## Records for this exercise
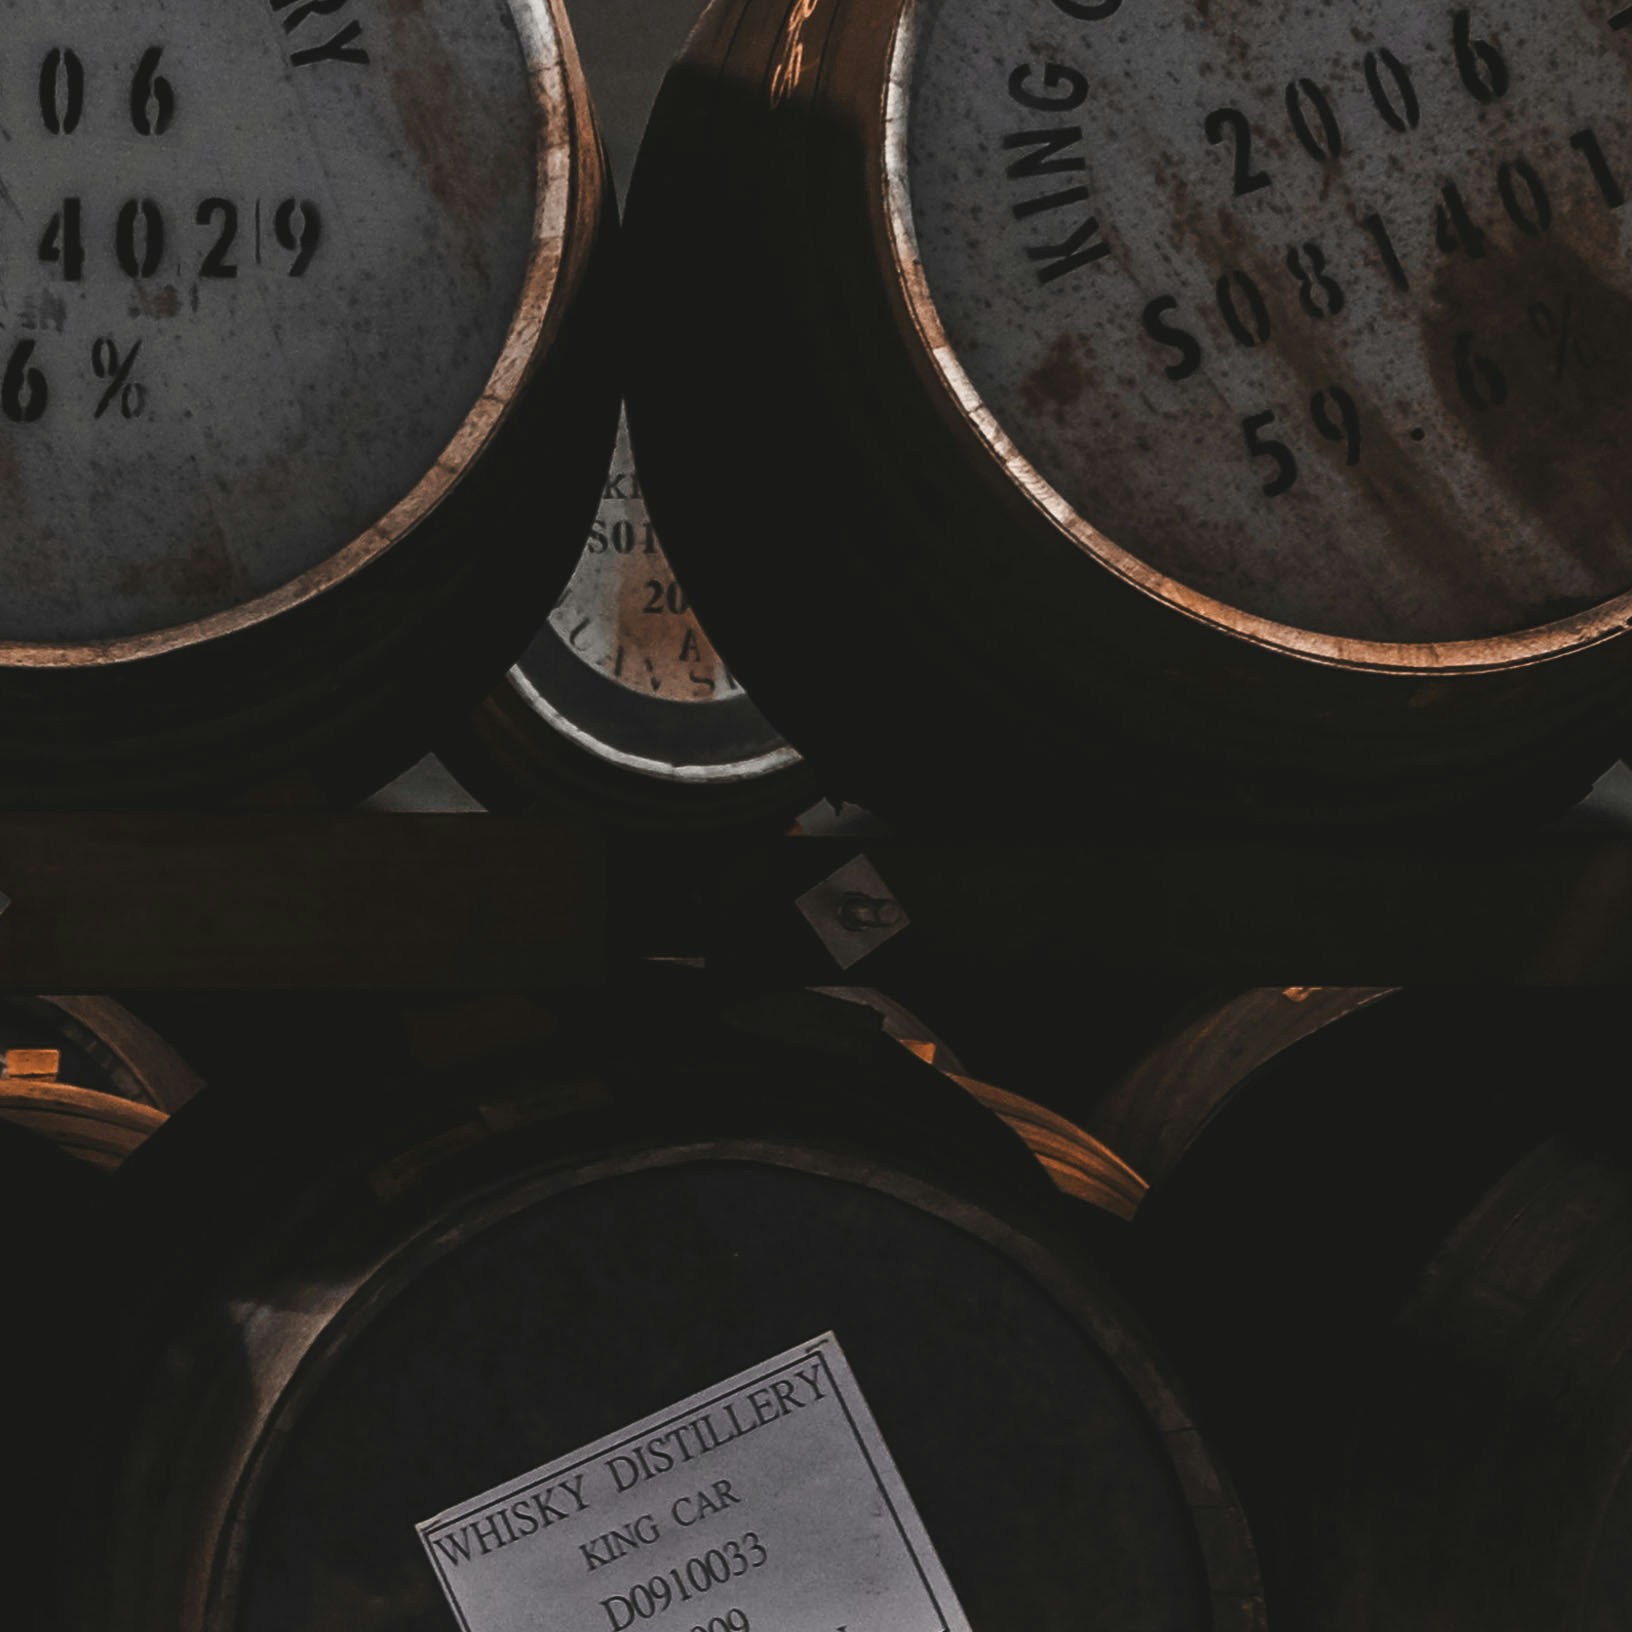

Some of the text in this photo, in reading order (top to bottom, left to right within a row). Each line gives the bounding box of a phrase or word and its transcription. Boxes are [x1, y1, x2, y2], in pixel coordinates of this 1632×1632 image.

[1003, 61, 1111, 284] KING
[1204, 9, 1510, 196] 2006
[678, 628, 701, 662] A
[434, 1362, 827, 1569] WHISKY DISTILLERY
[579, 1479, 741, 1572] KING CAR

## Brief
Nothing in the records should be changed in the copy, but the pictures must be left out.

## Completed exercise
Some of the text in this photo, in reading order (top to bottom, left to right within a row). Each line gives the bounding box of a phrase or word and its transcription. Boxes are [x1, y1, x2, y2], in pixel coordinates of this 1632×1632 image.

[1003, 61, 1111, 284] KING
[1204, 9, 1510, 196] 2006
[678, 628, 701, 662] A
[434, 1362, 827, 1569] WHISKY DISTILLERY
[579, 1479, 741, 1572] KING CAR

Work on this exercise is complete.